> _Problem statement_: Each record that follows is to be transcribed exactly, excluding its images.

> _Dataset entries_:
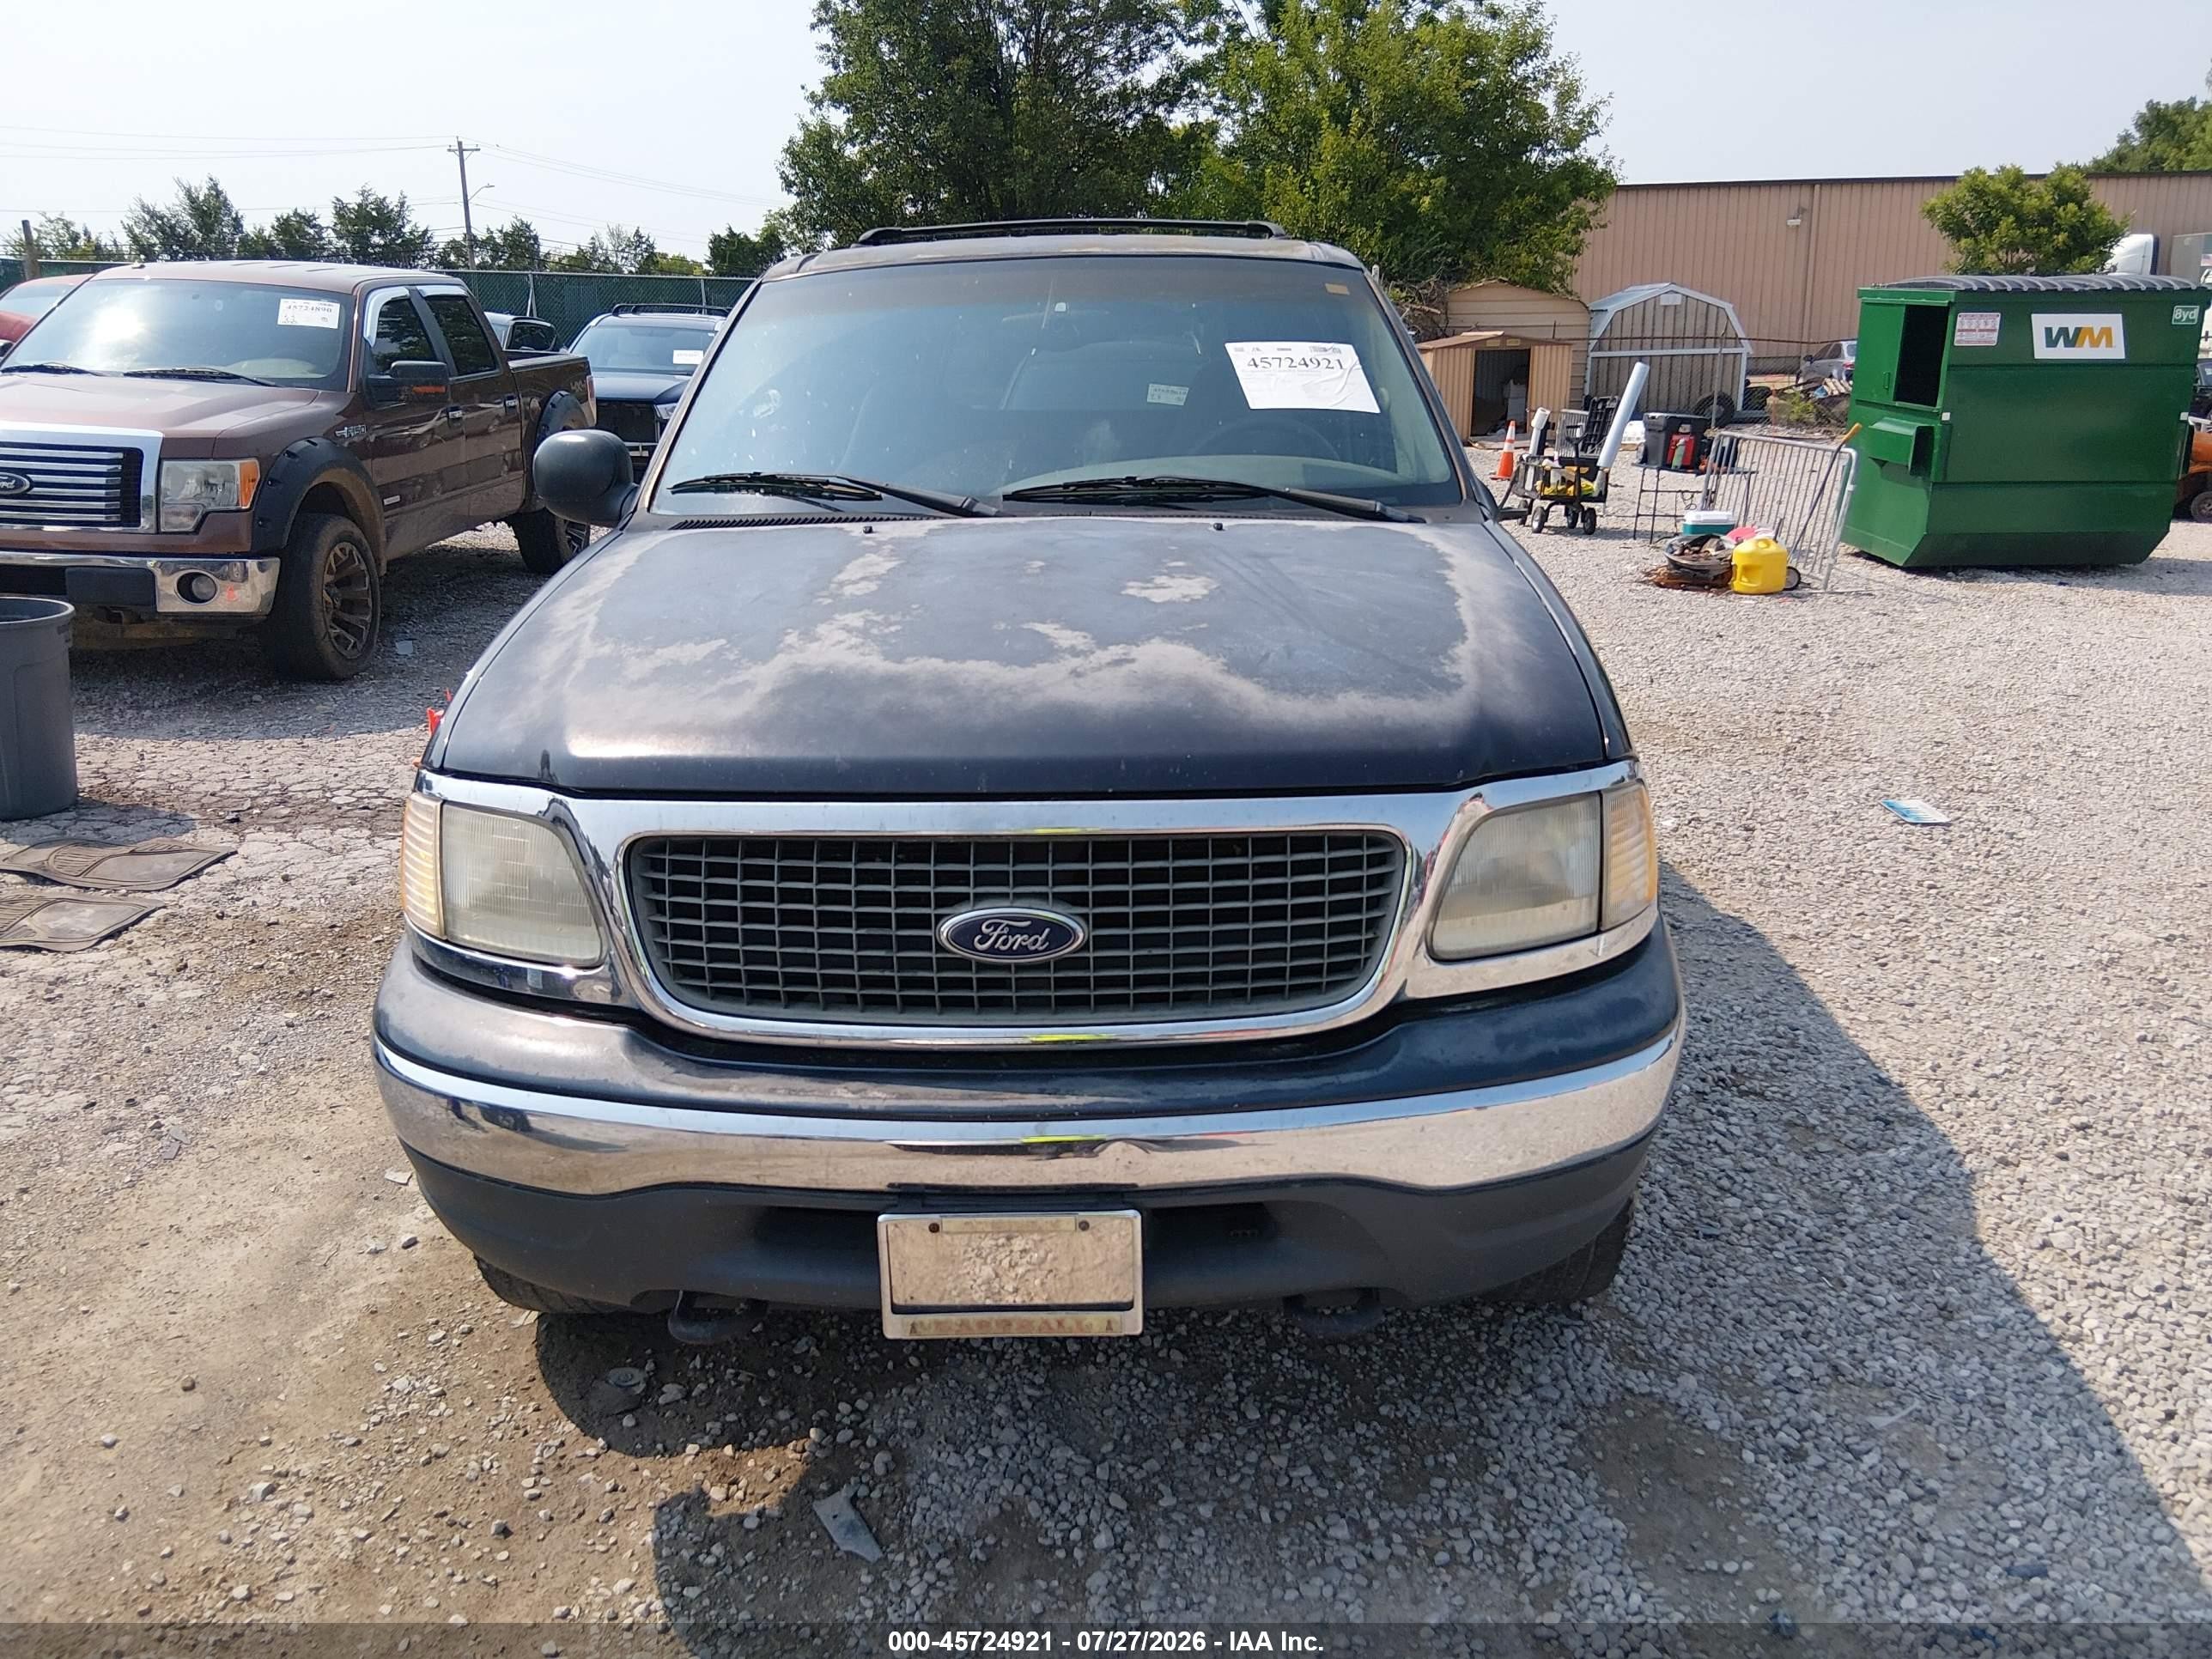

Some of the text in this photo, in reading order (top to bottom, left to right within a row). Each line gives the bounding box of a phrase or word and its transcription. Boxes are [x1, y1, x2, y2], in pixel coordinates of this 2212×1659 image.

[2173, 307, 2197, 322] 8yd
[2044, 325, 2114, 349] WM
[1247, 356, 1345, 370] 45724921
[973, 918, 1051, 951] Ford

> _Expected output_:
Some of the text in this photo, in reading order (top to bottom, left to right within a row). Each line gives the bounding box of a phrase or word and its transcription. Boxes are [x1, y1, x2, y2], in pixel coordinates of this 2212×1659 image.

[2173, 307, 2197, 322] 8yd
[2044, 325, 2114, 349] WM
[1247, 356, 1345, 370] 45724921
[973, 918, 1051, 951] Ford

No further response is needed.